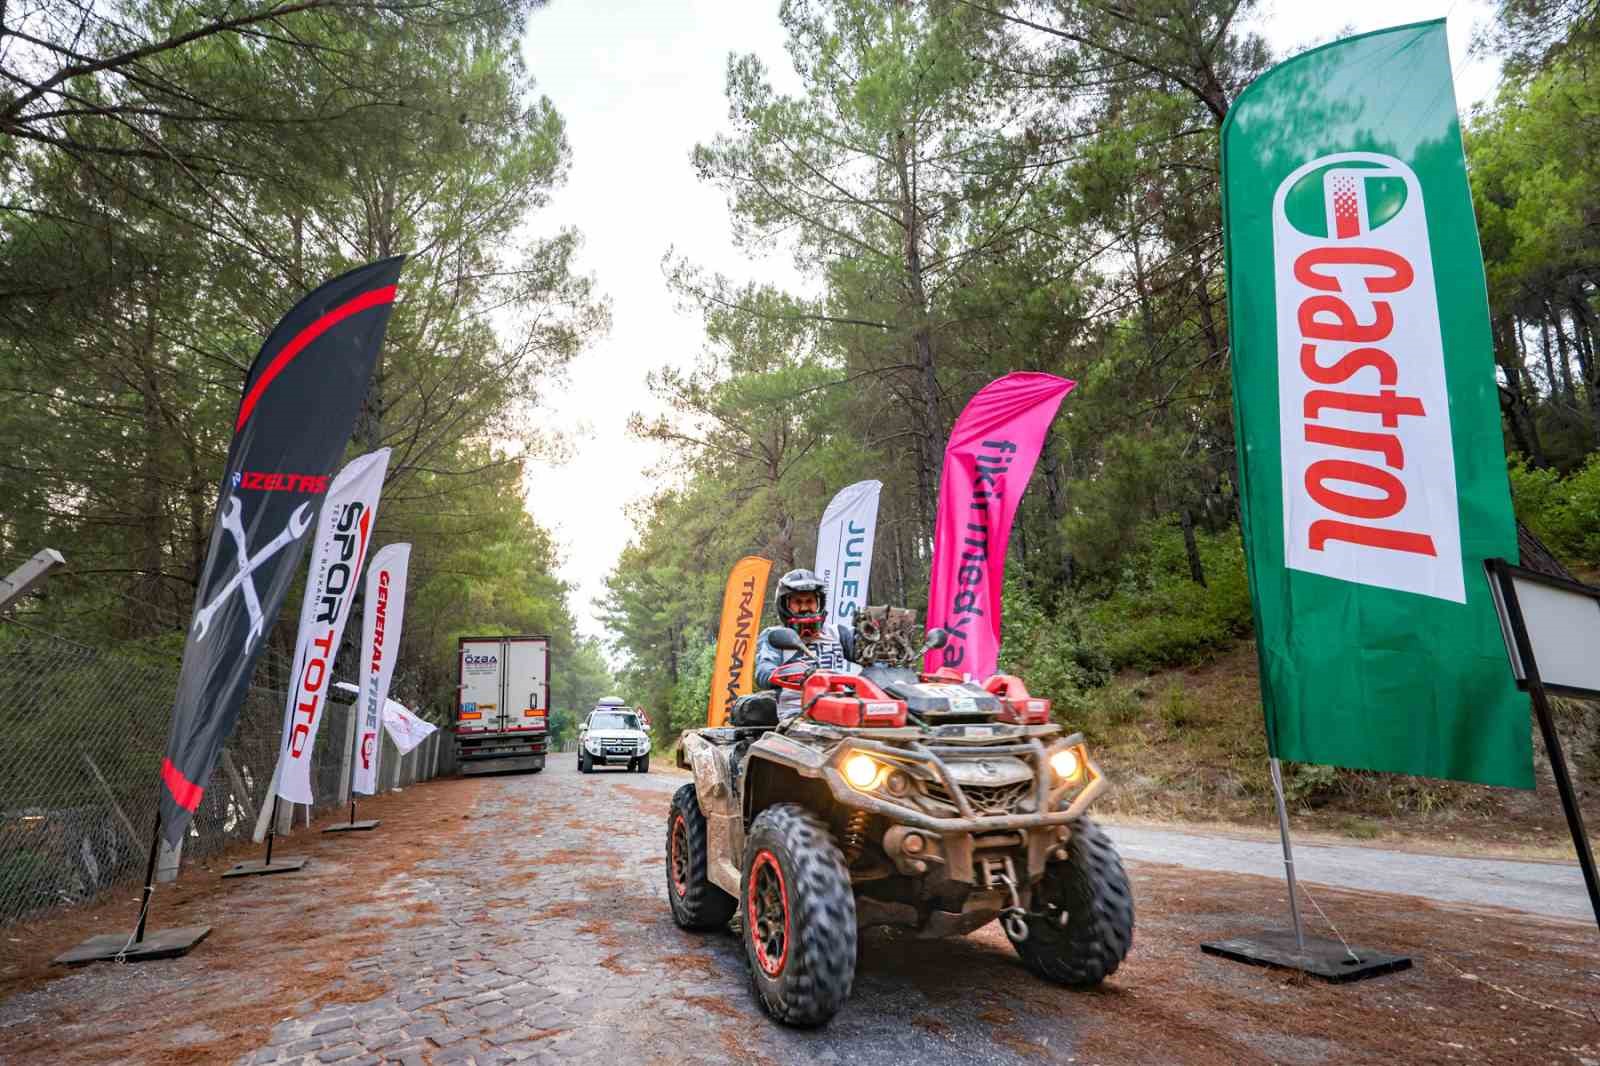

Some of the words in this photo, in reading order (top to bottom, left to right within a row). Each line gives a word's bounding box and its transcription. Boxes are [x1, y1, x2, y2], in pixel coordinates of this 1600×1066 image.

[1293, 246, 1438, 558] Castrol
[316, 500, 363, 626] SPOR
[838, 519, 866, 618] JULES
[942, 440, 1017, 668] fikirmedya
[369, 569, 390, 675] GENERAL
[291, 630, 335, 758] TOTO
[366, 675, 380, 729] TIRE
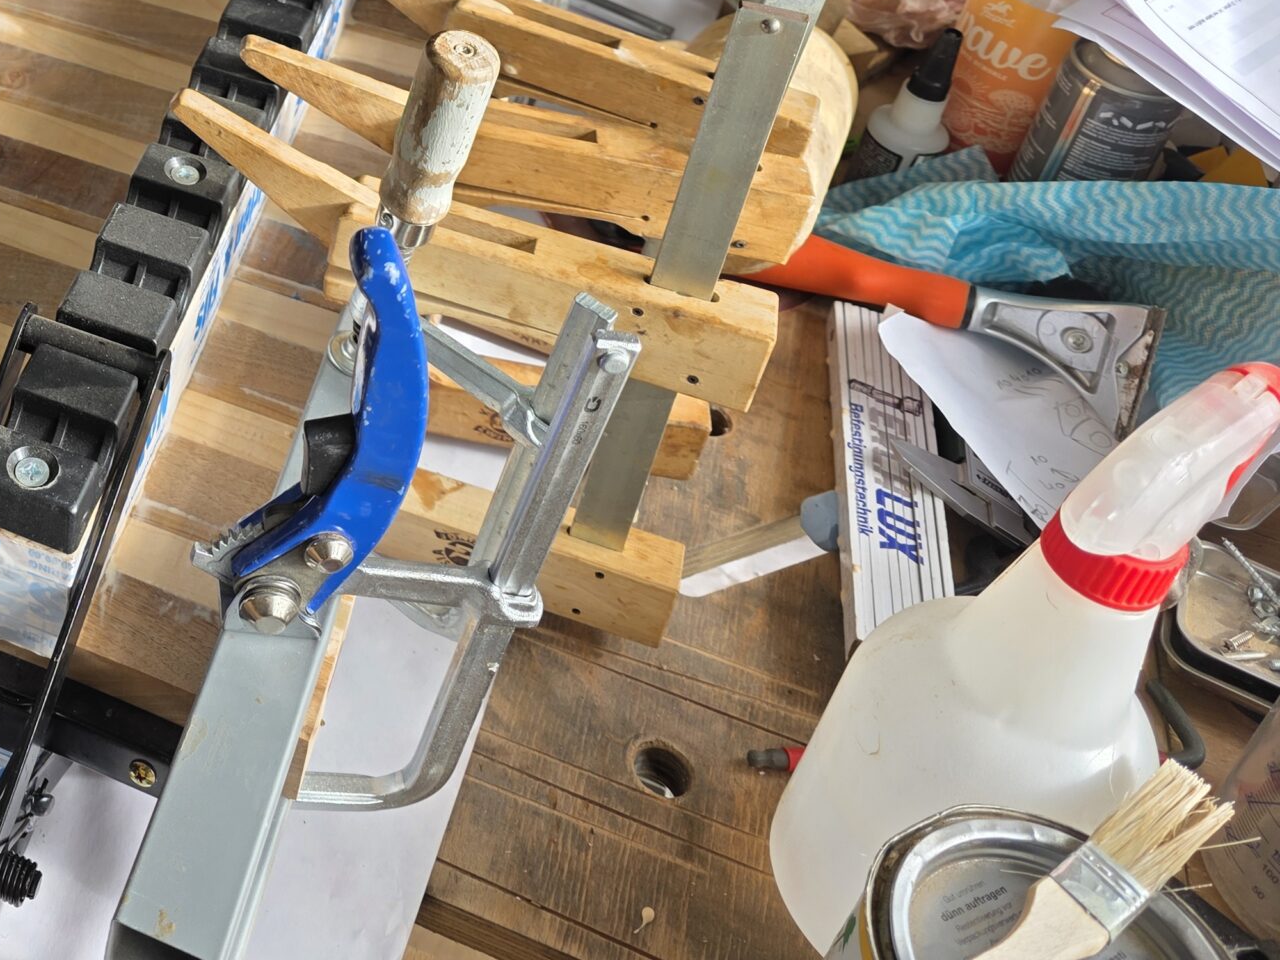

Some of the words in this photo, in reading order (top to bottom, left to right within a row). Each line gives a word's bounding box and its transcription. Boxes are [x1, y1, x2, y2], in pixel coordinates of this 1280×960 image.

[846, 401, 876, 537] Befestigungstechnik
[874, 484, 925, 566] LUX
[940, 904, 966, 922] dünn
[964, 884, 1009, 911] auftragen

- - - - -

Pictures aside, repeat each entry in full and without change.

▶ **Completed exercise**
Some of the words in this photo, in reading order (top to bottom, left to right within a row). Each line gives a word's bounding box and its transcription. Boxes are [x1, y1, x2, y2], in pixel coordinates of this 1600×1066 image.

[1293, 246, 1438, 558] Castrol
[316, 500, 363, 626] SPOR
[838, 519, 866, 618] JULES
[942, 440, 1017, 668] fikirmedya
[369, 569, 390, 675] GENERAL
[291, 630, 335, 758] TOTO
[366, 675, 380, 729] TIRE

Some of the words in this photo, in reading order (top to bottom, left to right within a row). Each line gives a word's bounding box and its transcription. Boxes are [x1, y1, x2, y2], in pixel coordinates of this 1280×960 image.

[846, 401, 876, 537] Befestigungstechnik
[874, 484, 925, 566] LUX
[940, 904, 966, 922] dünn
[964, 884, 1009, 911] auftragen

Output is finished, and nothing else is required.